→ WHAT YOU NEED TO DO
Give the number of lines below that contain the string "VOLUNTEER", and no other text.
■ ■ ■ ■ ■ ■ ■
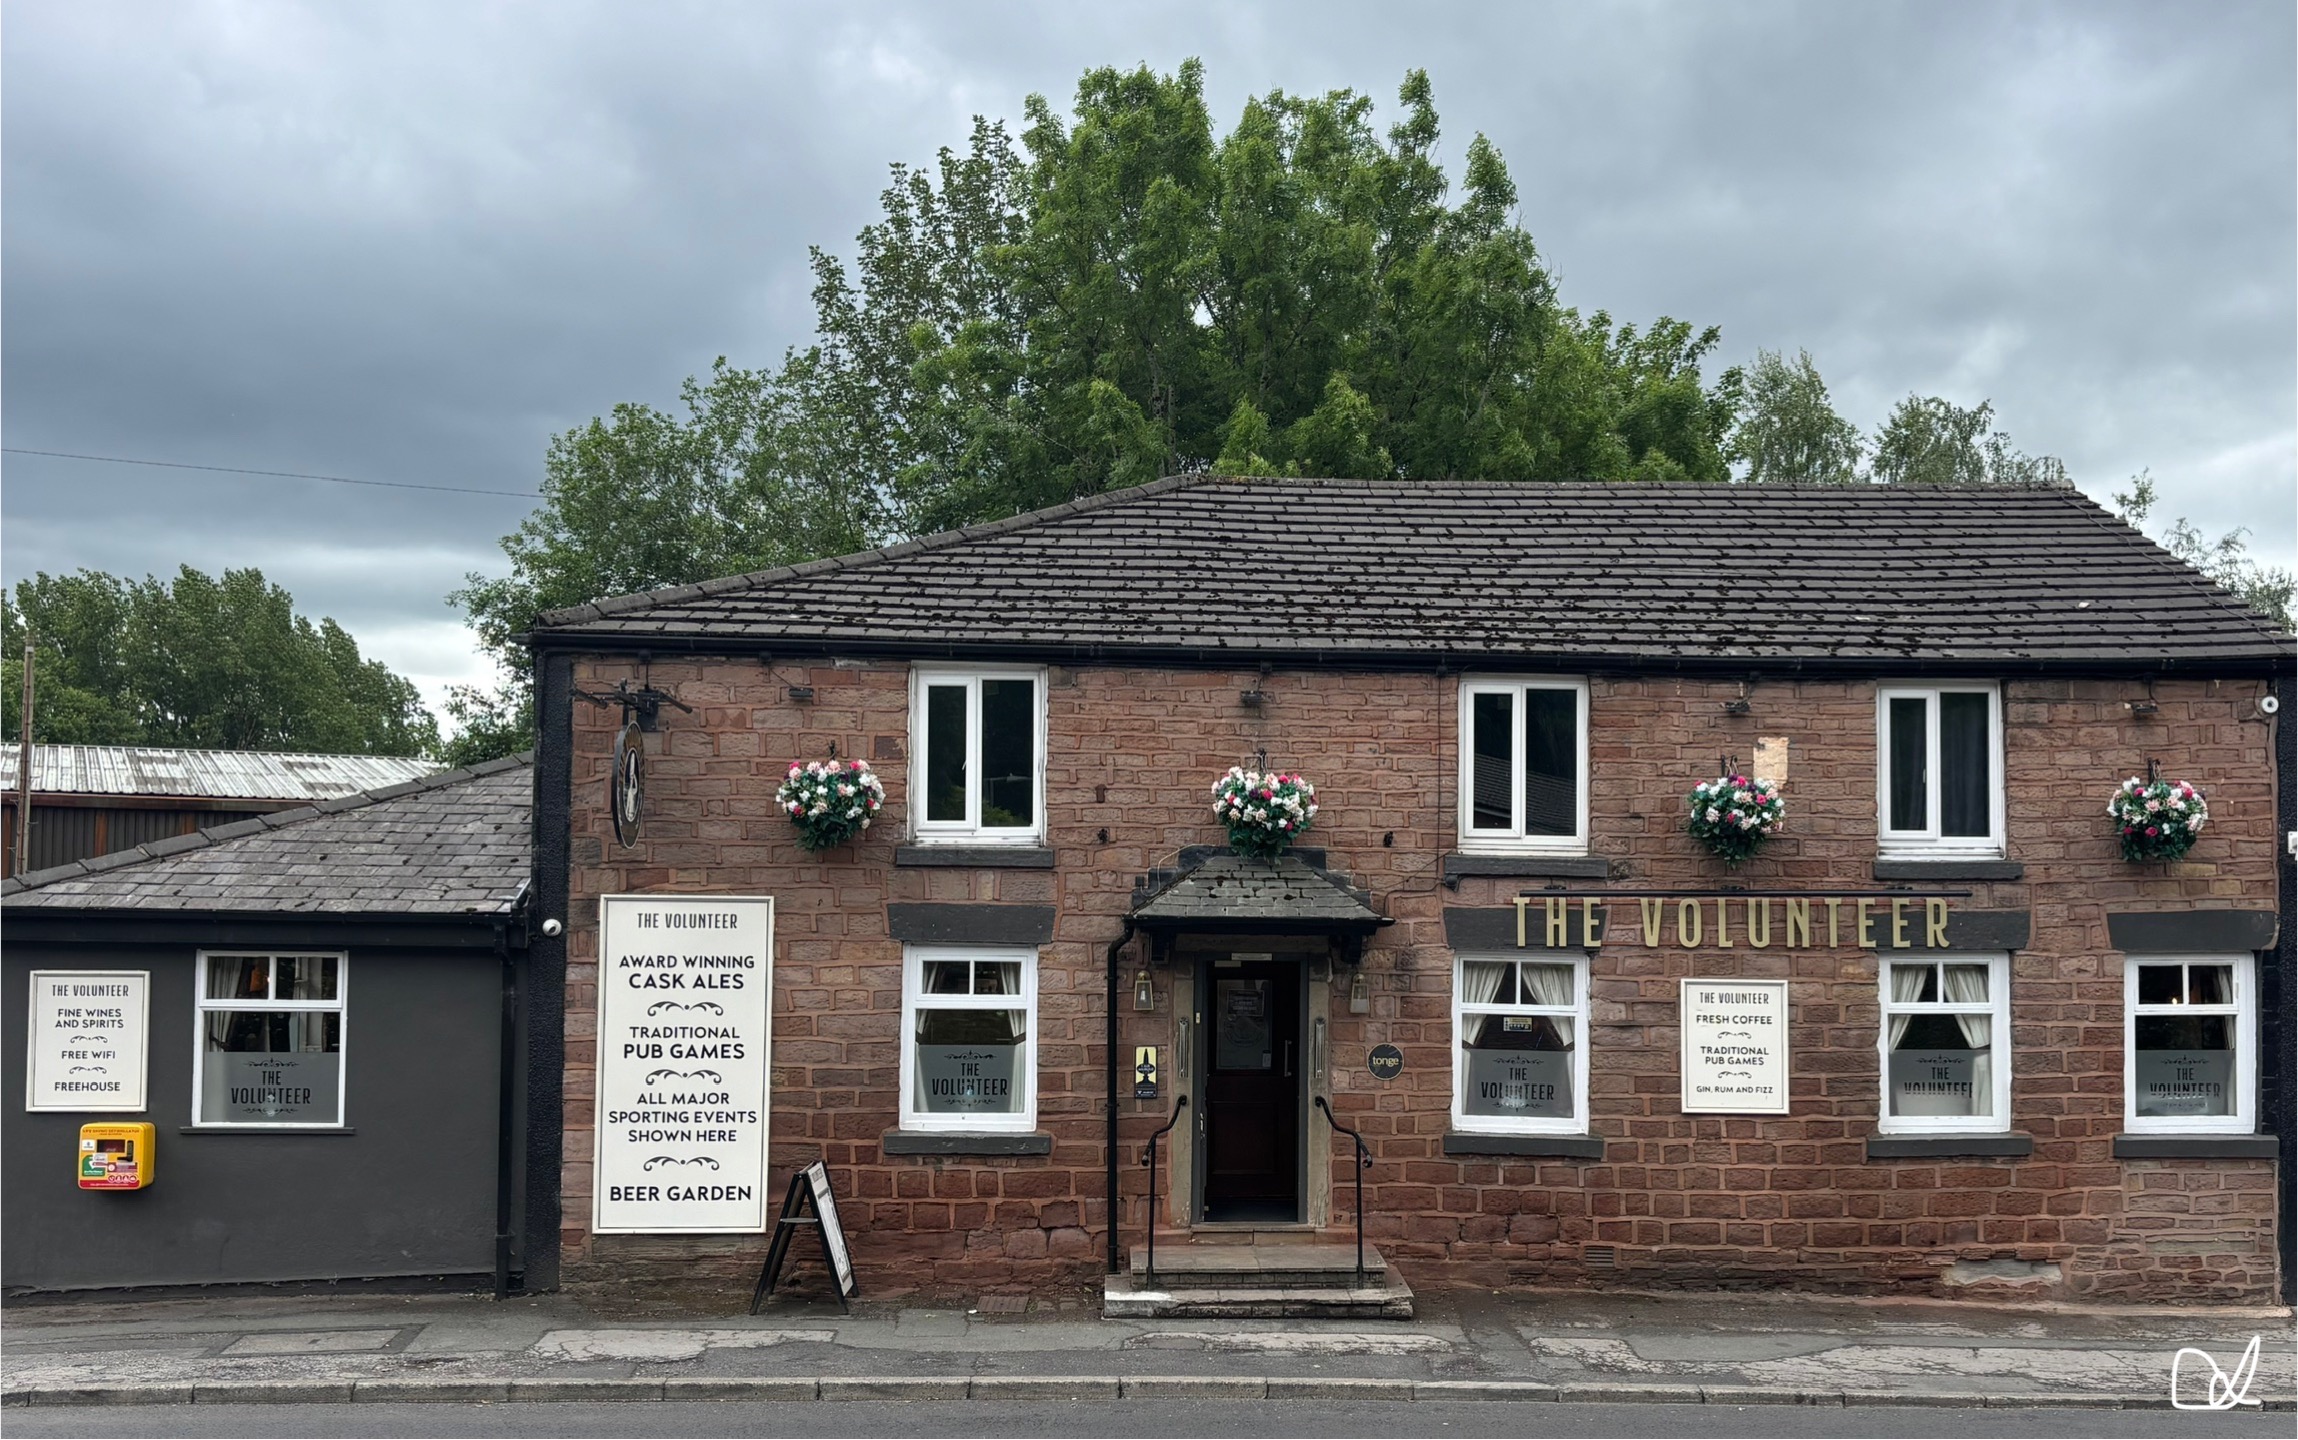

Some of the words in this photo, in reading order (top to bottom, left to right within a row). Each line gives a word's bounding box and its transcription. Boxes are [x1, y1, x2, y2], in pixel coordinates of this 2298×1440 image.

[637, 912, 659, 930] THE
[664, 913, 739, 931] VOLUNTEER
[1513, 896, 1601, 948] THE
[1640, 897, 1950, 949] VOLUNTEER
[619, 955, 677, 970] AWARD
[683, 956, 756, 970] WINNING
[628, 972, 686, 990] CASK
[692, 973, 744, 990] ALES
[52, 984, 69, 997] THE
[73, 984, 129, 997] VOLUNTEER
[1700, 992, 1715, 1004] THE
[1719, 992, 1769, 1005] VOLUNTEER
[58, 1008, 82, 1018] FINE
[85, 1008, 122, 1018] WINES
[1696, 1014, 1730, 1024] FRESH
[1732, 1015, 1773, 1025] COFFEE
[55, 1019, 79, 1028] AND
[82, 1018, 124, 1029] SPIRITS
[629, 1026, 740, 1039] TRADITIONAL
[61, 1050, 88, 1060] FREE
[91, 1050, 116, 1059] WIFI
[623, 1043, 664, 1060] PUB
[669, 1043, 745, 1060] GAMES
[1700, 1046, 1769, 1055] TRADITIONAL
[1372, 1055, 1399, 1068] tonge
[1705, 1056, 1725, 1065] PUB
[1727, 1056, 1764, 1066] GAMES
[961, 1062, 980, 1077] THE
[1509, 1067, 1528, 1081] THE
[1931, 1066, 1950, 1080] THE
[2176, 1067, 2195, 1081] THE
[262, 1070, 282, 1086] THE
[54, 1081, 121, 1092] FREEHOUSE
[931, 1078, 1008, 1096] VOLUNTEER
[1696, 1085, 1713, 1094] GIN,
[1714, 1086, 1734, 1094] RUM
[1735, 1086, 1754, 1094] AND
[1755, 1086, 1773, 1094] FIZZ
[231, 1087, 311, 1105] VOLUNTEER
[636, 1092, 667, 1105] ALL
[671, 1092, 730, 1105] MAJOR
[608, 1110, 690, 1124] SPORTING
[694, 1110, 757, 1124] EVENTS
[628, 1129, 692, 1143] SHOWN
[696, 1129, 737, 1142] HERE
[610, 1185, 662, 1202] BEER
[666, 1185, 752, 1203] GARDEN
■ ■ ■ ■ ■ ■ ■
→ ANSWER SECTION
6